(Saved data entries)
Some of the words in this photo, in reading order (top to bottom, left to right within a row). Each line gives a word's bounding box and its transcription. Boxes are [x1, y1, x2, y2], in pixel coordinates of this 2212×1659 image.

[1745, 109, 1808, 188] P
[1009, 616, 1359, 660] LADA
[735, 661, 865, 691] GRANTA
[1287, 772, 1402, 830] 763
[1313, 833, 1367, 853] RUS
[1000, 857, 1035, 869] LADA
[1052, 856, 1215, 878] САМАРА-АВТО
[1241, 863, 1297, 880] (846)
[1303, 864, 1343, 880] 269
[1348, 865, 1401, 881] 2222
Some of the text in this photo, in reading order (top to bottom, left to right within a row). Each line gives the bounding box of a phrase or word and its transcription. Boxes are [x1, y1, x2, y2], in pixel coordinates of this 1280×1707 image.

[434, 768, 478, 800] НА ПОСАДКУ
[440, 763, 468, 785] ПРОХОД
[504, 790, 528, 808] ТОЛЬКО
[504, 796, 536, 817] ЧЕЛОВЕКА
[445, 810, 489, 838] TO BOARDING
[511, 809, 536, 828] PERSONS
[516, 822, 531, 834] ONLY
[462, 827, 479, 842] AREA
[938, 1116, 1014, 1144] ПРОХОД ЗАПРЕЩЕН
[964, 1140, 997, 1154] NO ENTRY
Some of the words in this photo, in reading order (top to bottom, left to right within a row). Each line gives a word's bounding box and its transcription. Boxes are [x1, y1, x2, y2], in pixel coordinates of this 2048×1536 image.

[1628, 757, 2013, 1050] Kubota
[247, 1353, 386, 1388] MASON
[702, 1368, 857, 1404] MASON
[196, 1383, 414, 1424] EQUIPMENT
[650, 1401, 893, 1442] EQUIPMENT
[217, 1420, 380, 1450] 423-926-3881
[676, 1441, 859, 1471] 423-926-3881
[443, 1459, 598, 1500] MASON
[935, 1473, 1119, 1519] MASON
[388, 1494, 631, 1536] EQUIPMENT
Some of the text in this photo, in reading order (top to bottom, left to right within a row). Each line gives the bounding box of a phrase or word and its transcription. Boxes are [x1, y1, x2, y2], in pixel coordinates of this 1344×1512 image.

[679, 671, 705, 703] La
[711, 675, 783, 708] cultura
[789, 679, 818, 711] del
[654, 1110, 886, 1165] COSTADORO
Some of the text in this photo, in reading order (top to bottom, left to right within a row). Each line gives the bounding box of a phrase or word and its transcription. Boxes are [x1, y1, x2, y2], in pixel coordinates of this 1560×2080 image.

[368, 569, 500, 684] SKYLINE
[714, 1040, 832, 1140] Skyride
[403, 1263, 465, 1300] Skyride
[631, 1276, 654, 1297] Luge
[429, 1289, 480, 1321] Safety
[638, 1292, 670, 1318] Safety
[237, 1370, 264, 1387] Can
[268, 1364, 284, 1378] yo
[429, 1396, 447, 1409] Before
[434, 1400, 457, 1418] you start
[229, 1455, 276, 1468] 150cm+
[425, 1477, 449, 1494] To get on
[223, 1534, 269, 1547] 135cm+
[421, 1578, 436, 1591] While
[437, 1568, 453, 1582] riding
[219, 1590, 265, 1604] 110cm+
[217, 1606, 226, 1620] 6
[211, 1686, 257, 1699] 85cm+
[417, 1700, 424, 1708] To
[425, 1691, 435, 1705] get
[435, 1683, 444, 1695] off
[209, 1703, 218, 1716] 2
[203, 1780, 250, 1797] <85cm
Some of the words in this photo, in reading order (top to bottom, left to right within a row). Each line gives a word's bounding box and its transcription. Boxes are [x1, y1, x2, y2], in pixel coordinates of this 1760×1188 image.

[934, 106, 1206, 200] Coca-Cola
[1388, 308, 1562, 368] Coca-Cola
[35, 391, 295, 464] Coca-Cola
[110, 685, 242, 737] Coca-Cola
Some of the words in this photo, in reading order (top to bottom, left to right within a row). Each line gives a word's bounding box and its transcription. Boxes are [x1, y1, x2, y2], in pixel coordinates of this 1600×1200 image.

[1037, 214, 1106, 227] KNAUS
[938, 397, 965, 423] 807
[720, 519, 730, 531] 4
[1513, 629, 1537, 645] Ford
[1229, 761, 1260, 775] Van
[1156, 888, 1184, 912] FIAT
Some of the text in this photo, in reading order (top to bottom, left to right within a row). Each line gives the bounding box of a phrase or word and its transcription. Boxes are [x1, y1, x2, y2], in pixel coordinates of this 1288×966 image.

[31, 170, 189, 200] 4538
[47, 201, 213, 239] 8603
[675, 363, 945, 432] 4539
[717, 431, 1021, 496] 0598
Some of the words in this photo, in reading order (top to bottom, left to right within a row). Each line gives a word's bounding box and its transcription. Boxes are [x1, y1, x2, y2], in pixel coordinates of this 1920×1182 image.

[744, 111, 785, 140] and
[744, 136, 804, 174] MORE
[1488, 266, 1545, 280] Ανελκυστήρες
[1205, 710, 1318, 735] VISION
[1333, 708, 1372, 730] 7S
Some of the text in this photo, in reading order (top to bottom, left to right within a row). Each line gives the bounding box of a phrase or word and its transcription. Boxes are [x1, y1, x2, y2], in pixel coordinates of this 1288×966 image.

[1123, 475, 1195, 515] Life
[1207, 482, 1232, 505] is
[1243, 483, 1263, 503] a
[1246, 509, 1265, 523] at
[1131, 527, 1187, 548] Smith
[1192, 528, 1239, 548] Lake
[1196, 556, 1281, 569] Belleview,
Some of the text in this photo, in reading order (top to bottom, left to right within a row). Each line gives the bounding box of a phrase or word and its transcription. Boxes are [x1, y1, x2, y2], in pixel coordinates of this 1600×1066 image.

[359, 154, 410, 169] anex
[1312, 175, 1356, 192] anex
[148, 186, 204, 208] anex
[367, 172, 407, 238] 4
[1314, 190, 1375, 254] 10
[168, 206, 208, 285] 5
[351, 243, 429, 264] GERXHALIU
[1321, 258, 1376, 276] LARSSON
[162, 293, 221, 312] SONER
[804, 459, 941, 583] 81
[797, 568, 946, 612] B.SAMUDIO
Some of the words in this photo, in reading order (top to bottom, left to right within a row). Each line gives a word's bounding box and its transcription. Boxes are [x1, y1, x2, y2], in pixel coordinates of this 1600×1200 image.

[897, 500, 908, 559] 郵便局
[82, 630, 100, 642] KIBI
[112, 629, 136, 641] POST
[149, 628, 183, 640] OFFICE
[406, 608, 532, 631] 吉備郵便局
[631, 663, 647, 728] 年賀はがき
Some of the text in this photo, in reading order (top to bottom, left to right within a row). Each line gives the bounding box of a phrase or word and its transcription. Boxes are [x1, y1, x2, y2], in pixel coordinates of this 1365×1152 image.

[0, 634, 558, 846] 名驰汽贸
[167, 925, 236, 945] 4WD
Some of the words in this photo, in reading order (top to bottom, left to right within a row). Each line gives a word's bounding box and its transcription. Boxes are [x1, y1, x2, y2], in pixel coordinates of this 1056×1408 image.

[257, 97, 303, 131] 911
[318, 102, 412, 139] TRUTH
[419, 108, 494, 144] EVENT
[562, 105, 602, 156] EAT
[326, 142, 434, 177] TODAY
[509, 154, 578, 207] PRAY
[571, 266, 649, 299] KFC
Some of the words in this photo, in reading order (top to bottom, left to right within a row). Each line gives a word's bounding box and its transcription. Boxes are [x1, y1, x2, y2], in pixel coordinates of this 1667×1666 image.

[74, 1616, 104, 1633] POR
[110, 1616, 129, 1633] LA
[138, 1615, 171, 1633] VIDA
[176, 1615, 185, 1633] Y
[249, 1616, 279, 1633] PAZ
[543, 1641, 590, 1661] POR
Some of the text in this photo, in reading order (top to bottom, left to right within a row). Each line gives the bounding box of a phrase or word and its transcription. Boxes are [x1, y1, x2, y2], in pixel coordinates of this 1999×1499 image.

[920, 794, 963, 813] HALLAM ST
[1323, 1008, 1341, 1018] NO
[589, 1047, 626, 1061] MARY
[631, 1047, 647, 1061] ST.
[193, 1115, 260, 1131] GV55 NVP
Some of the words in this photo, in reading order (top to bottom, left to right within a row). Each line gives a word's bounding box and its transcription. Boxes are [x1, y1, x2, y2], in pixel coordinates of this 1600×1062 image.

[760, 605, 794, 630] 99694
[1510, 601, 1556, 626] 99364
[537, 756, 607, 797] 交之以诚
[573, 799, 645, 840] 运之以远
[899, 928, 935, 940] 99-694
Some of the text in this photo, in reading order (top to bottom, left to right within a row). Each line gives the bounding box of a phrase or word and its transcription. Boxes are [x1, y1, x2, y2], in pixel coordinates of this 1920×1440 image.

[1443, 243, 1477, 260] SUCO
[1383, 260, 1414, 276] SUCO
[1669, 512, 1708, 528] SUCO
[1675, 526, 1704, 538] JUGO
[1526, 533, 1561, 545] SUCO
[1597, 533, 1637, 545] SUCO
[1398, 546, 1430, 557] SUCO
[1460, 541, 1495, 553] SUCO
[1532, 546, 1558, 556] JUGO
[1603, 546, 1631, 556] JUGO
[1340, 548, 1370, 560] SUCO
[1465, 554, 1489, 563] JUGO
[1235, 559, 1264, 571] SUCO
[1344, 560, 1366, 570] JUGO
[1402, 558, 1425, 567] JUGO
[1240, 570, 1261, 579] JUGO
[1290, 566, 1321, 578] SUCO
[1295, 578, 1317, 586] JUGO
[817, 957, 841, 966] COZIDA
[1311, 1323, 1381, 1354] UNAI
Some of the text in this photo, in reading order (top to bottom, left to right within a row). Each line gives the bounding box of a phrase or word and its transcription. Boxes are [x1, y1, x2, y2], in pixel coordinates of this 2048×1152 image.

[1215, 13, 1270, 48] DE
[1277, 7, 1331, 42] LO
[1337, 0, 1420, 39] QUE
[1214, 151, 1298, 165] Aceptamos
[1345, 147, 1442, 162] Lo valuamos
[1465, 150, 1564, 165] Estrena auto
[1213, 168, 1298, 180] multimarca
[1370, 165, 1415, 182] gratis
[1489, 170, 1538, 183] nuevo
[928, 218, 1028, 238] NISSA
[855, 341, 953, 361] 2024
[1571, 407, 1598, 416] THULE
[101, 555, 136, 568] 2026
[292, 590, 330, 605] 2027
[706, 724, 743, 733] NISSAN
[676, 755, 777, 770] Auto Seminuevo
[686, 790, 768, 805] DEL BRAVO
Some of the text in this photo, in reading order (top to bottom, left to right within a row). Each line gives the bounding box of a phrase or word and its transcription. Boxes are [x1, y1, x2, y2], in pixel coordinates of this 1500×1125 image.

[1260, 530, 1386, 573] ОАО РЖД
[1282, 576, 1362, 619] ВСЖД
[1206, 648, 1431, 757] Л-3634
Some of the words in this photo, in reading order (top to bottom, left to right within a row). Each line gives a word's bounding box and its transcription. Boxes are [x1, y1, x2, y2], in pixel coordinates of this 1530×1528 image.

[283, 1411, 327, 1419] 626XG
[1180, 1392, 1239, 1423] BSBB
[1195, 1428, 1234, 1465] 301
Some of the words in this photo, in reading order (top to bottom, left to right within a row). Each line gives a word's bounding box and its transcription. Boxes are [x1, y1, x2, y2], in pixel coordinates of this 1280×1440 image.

Your objective: The line with "this 1530×1528 image." marks where to start. Transcribe from there through the final line of the records, exactly and with nothing added.

Solution:
Some of the words in this photo, in reading order (top to bottom, left to right within a row). Each line gives a word's bounding box and its transcription. Boxes are [x1, y1, x2, y2], in pixel coordinates of this 1530×1528 image.

[283, 1411, 327, 1419] 626XG
[1180, 1392, 1239, 1423] BSBB
[1195, 1428, 1234, 1465] 301
Some of the words in this photo, in reading order (top to bottom, left to right within a row). Each line gives a word's bounding box and its transcription. Boxes are [x1, y1, x2, y2], in pixel coordinates of this 1280×1440 image.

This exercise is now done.